Presbyterian Church of Aotearoa New Zealand:

Every week should be Volunteer Awareness Week says Church

Volunteer Awareness Week is an important event, and it highlights how we need to show volunteers each day throughout the year just how important and appreciated they are says the Right Rev Dr Graham Redding, Moderator of the Presbyterian Church of Aotearoa New Zealand.

Our Church, our communities and our nation would not be what they are without the dedicated help of volunteers. We benefit enormously from their passion, their skills and talents. They need to feel appreciated and valued for what they give every day, says Graham.

Most of the Presbyterian Churchs 30,000 regular church-goers either volunteer at their church or within their community or both.

A recent NZ study estimated that more than 70 percent of volunteers in religious activities also donated to other sectors of the community.*

A US study found that religious people donate more, and volunteer more, than non-church goers, giving nearly four times more dollars per year, and volunteering more than twice as often.**

Graham says that Presbyterian churches would not be able to run the many community programmes that they do without the support of volunteers.

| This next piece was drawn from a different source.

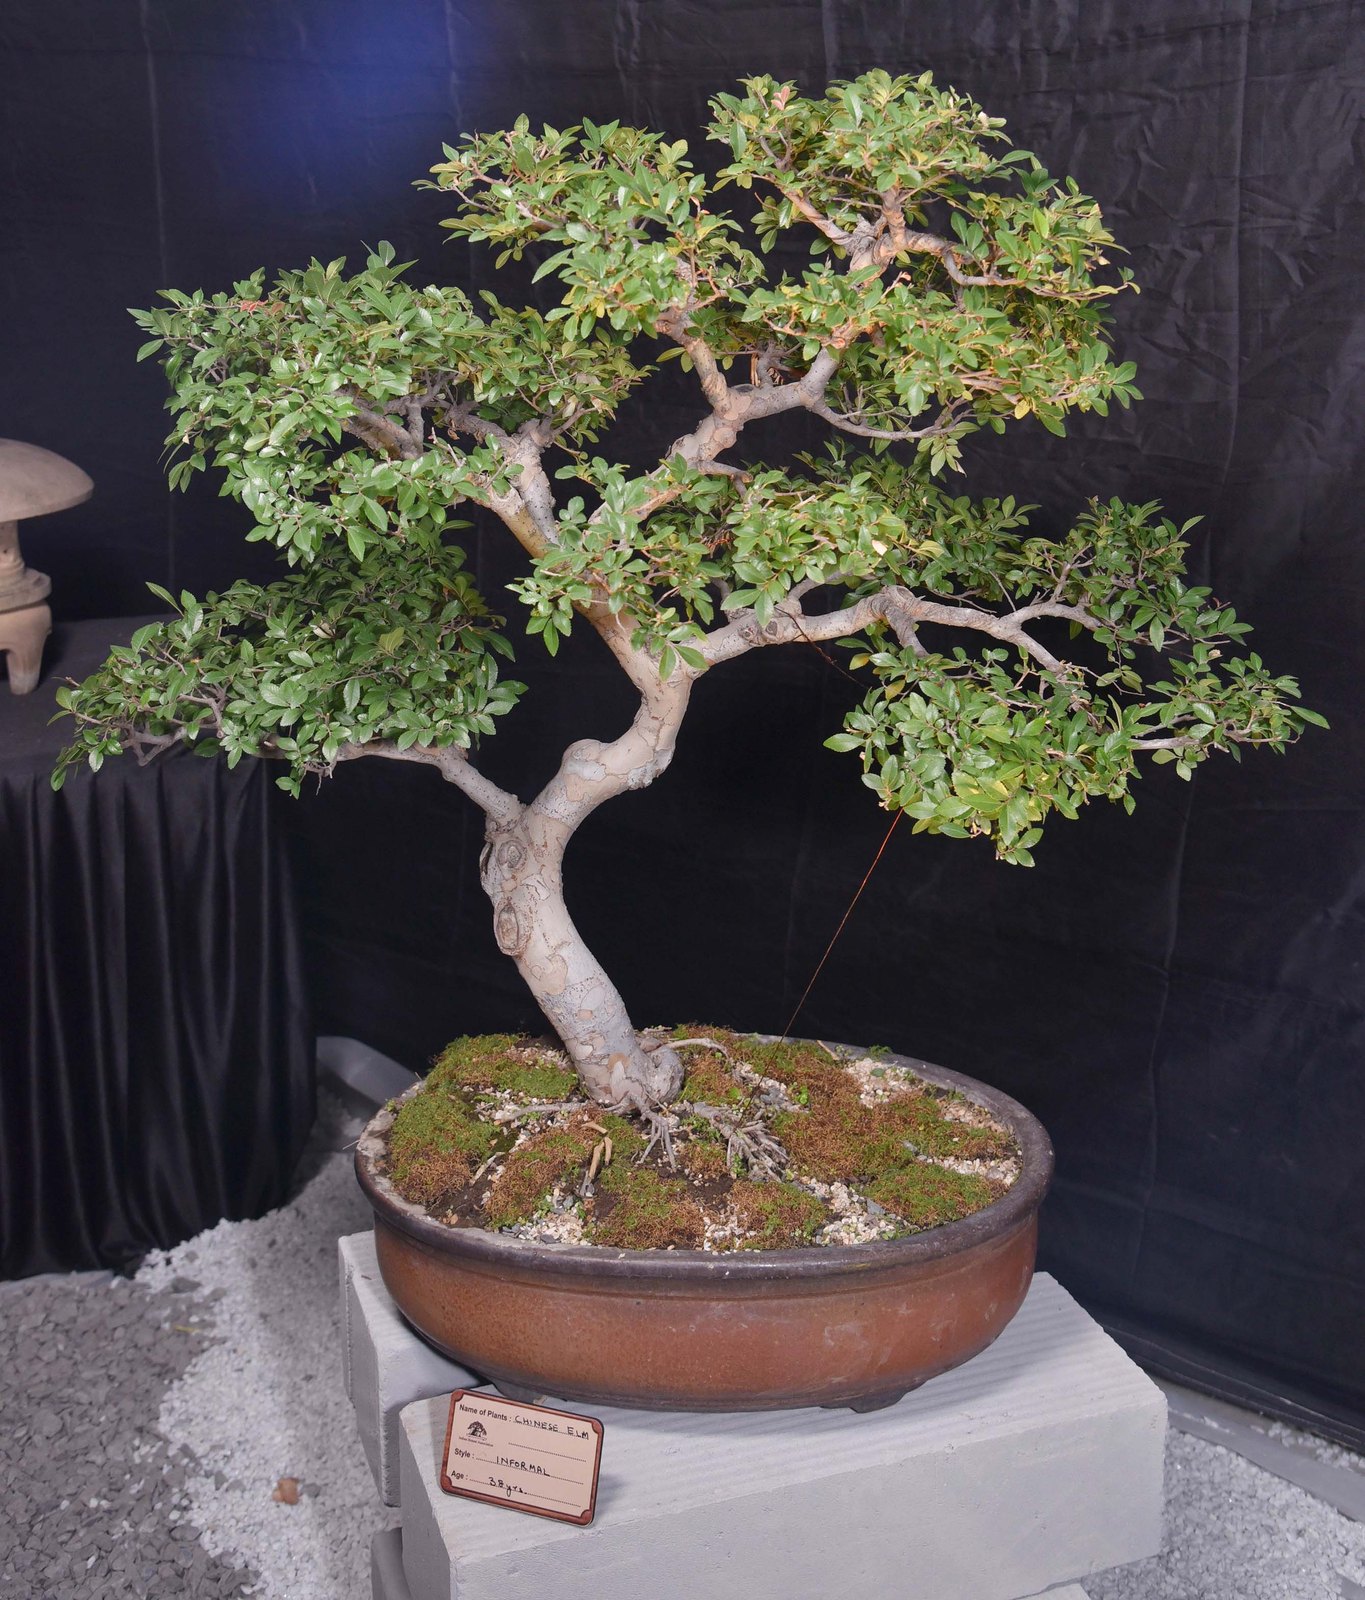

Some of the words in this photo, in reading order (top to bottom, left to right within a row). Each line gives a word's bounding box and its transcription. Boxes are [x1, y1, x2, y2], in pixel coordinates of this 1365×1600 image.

As a charitable organisation the Presbyterian Church relies heavily on volunteers to help run its churches and the community programmes that take place in them. We are sincerely gratefully for our volunteers.

Graham says that four centrally located Presbyterian churches in Auckland, Hamilton, Wellington and Dunedin will be taking that thank you to the streets lunchtime Tuesday 16 and Wednesday 17 June, by giving away thank you muffins to people passing-by the churches.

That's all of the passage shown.